> **Task instructions**:
For every entry that follows, return the words exactly and omit any picture.

(Text-to-region grounding data)
Start of Block
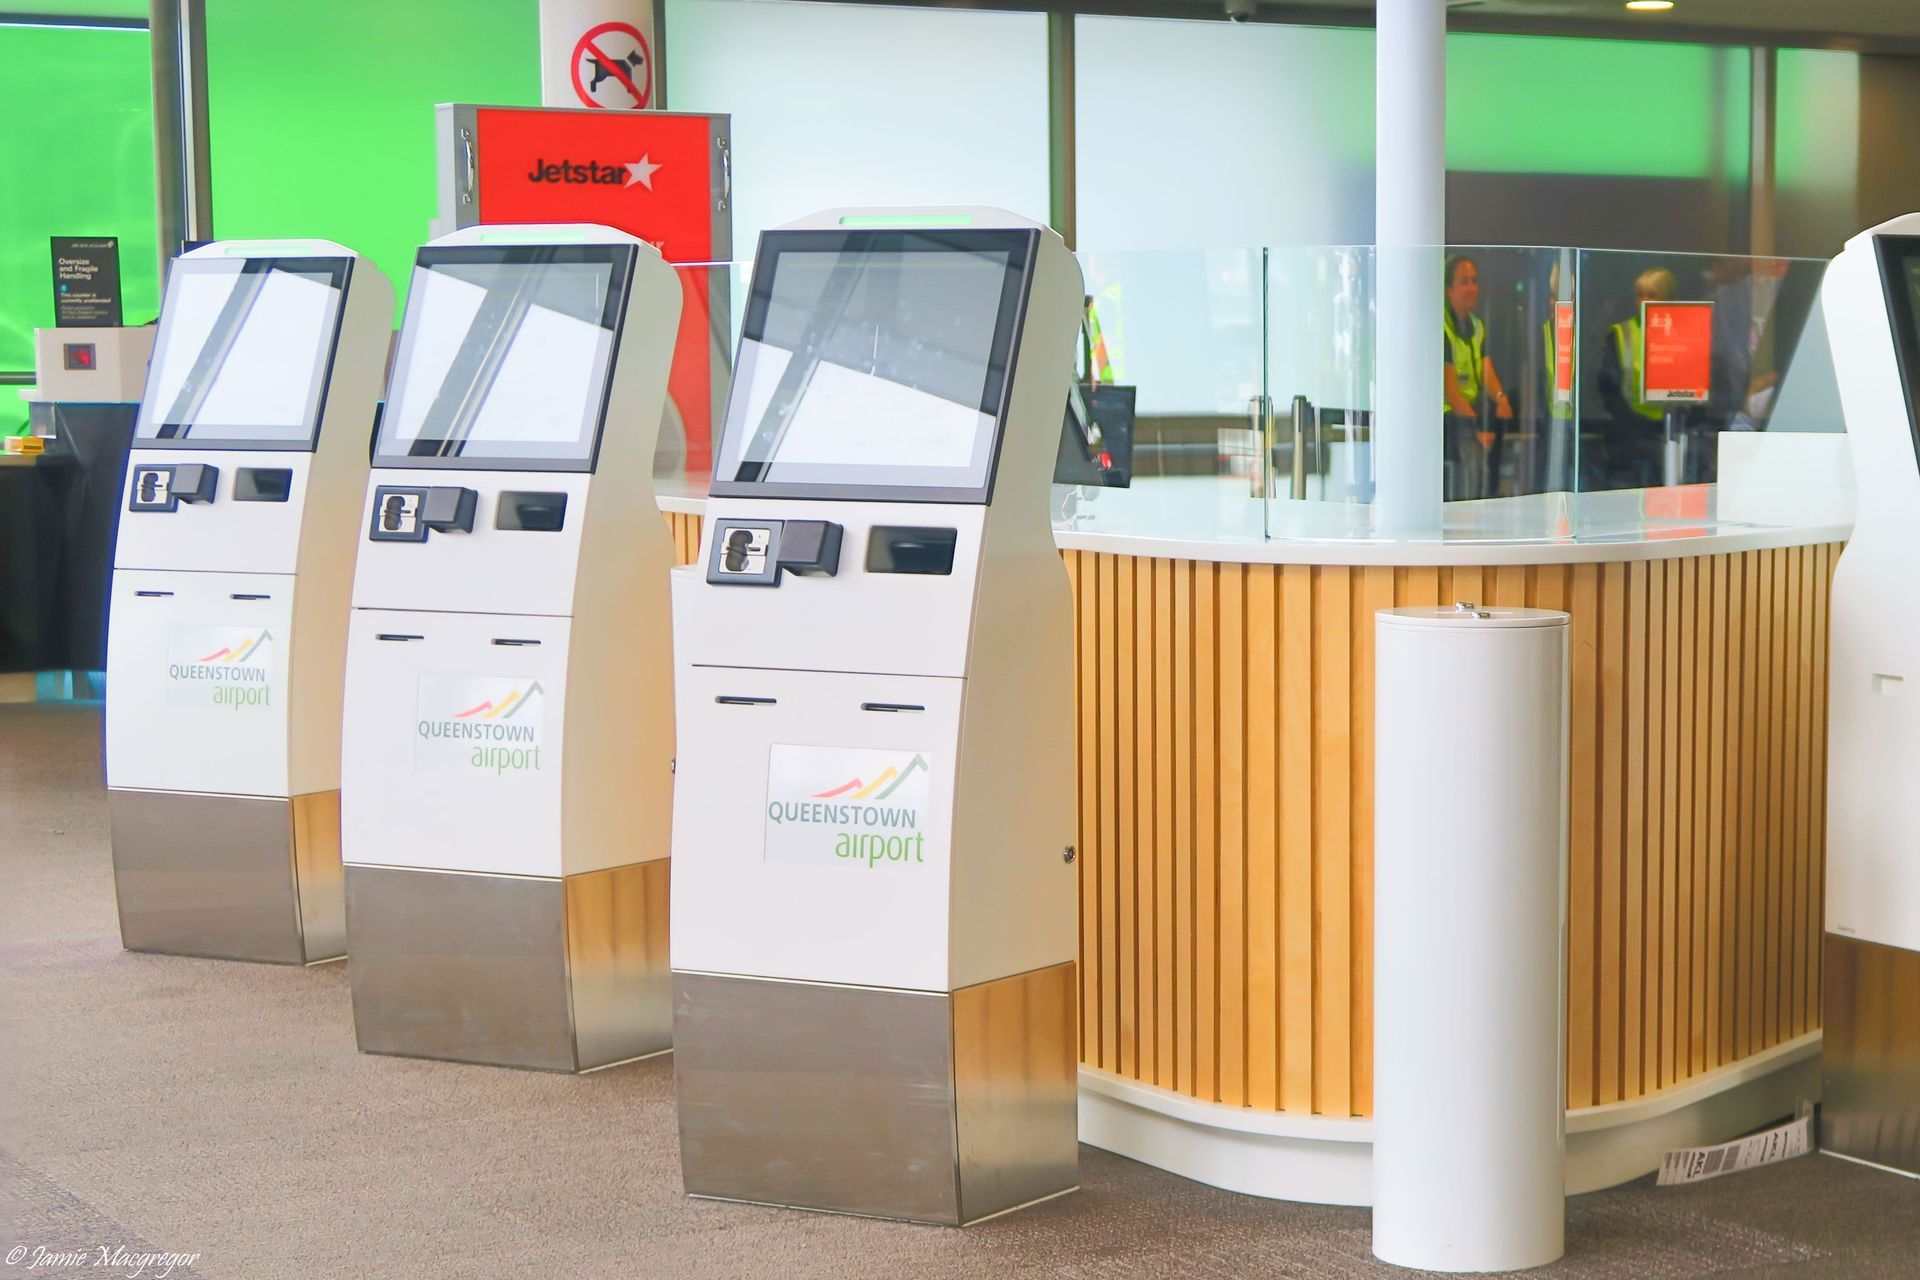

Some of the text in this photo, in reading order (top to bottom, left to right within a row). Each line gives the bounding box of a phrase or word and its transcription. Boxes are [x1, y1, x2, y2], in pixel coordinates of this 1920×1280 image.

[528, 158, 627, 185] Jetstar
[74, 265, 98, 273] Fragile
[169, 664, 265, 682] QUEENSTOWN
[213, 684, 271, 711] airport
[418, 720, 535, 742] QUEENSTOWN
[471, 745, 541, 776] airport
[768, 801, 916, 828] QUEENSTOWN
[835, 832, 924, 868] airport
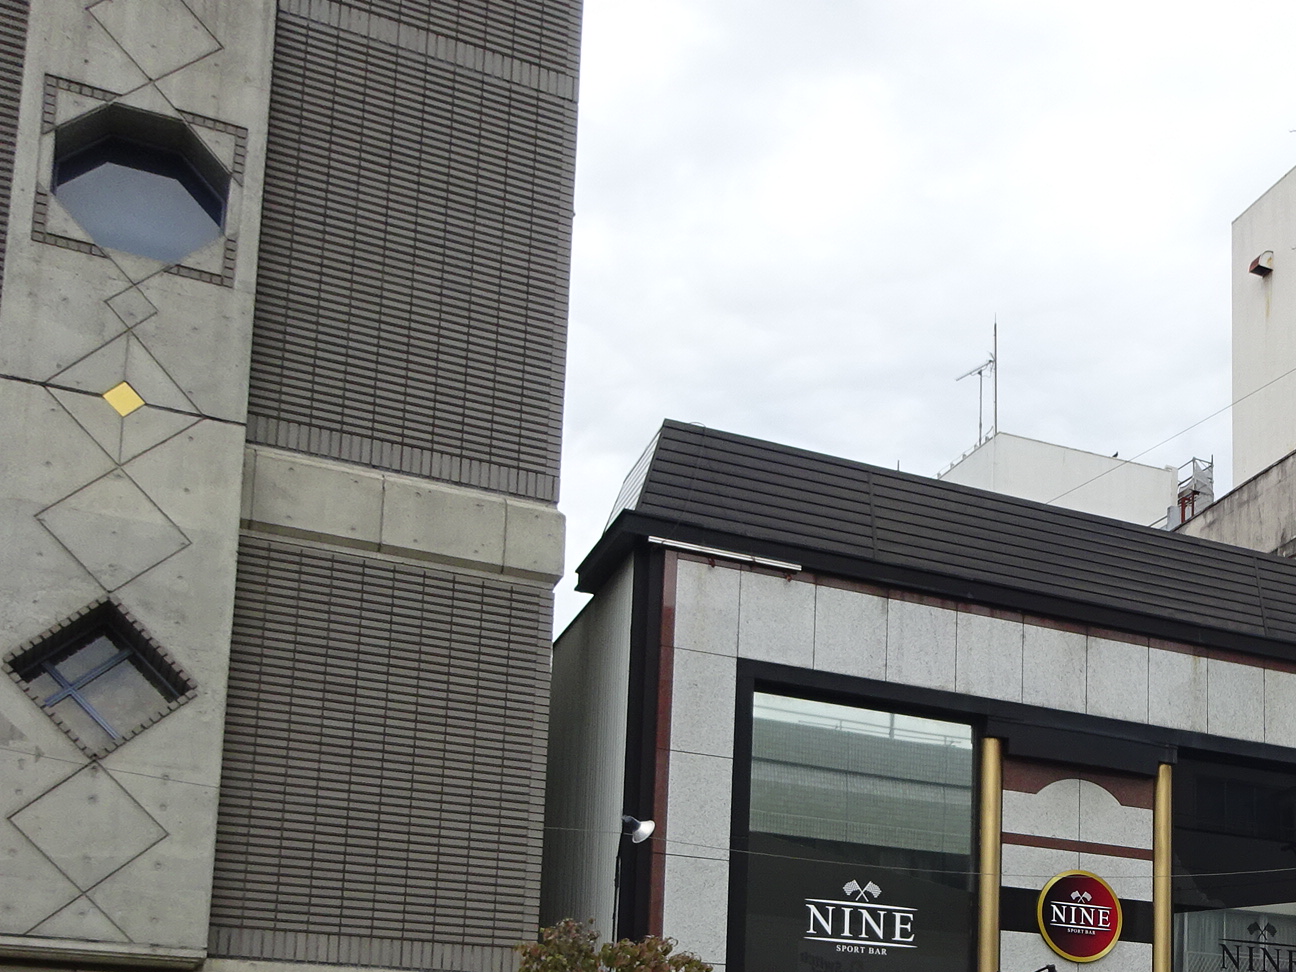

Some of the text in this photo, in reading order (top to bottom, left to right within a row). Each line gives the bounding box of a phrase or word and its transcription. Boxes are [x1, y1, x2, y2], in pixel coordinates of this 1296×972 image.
End of Block
> **Exercise result**:
Some of the text in this photo, in reading order (top to bottom, left to right within a row). Each line gives the bounding box of a phrase or word and its transcription. Boxes are [x1, y1, x2, y2], in pixel coordinates of this 1920×1280 image.

[528, 158, 627, 185] Jetstar
[74, 265, 98, 273] Fragile
[169, 664, 265, 682] QUEENSTOWN
[213, 684, 271, 711] airport
[418, 720, 535, 742] QUEENSTOWN
[471, 745, 541, 776] airport
[768, 801, 916, 828] QUEENSTOWN
[835, 832, 924, 868] airport

Some of the text in this photo, in reading order (top to bottom, left to right within a row). Each line gives the bounding box of a phrase or word and its transcription. Boxes are [x1, y1, x2, y2], in pixel coordinates of this 1296×972 image.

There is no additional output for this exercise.